Auch Gauguins Südseefrauen schließen Bekanntschaft mit der Spezies. Wie der Kunstfälscher Wolfgang Beltracchi hat Otto alle Stile und Bildsprachen von der Moderne bis heute drauf: von Edward Hopper über Roy Lichtenstein bis Keith Haring. Den Kopf stehenden Ottifanten à la Baselitz erwarten wir in Bälde.

In witzigen Comiczeichnungen aus dem apokryphen »Buch Otto« kreiert der Künstler auch ganz neue Spezies. Wie den Spaghettihund oder den Fledermaulwurf, eine Wiesenmischung aus Fledermaus und Maulwurf. Sein Stachelschwein schaut in Gestalt eines borstigen Schweinskopfs mit dem Rüssel nach oben als Kaktus aus dem Blumentopf. Die Lachmöwe lacht sich darob eins im Flug. Ottos Tierleben kennt auch getigerte Ottifanten oder welche mit Zebrastreifen. In seiner Sicht führt die Evolution vom Affen über eine Urform des Ottifanten bis hin zur Krone der Schöpfung: der Gattung Homo Ottoensis mit Flügelkäppi.
Stolze Preise
Ottos erster, größter und neugierigster Fan ist übrigens er selbst. »Beim Malen kann ich kaum stillstehen, ich bin so ungeduldig und will endlich wissen, wie das Bild aussieht, wenn es fertig ist«, hat er einmal witzig bemerkt.

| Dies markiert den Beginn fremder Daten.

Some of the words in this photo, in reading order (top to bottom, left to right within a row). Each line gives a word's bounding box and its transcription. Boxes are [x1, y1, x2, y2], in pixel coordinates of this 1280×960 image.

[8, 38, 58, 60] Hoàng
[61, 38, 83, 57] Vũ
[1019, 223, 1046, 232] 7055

Meistens lohnt es sich ja, das Warten – gerade auch im pekuniären Sinn. Der Shop bietet neben jeder Menge Plüsch-Ottifanten, Flügelkäppis und Kaffeetassen mit Ottifanten-Motiv auch eine Vielzahl von Reproduktionen malerischer Motive zu stolzen Preisen. Eine Reproduktion des Aquarells »Nighthawks« nach Hopper etwa kostet –handsigniert, in einer Auflage von 199 Stück – 1400 Euro. Wobei das Preisschild offen lässt, ob inklusive Rahmen oder nicht.

Ausstellung »Ottos Welt«, Europa-Park Rust, Mercedes-Benz Hall. Bis 7. Januar, täglich von 11 bis 19 Uhr.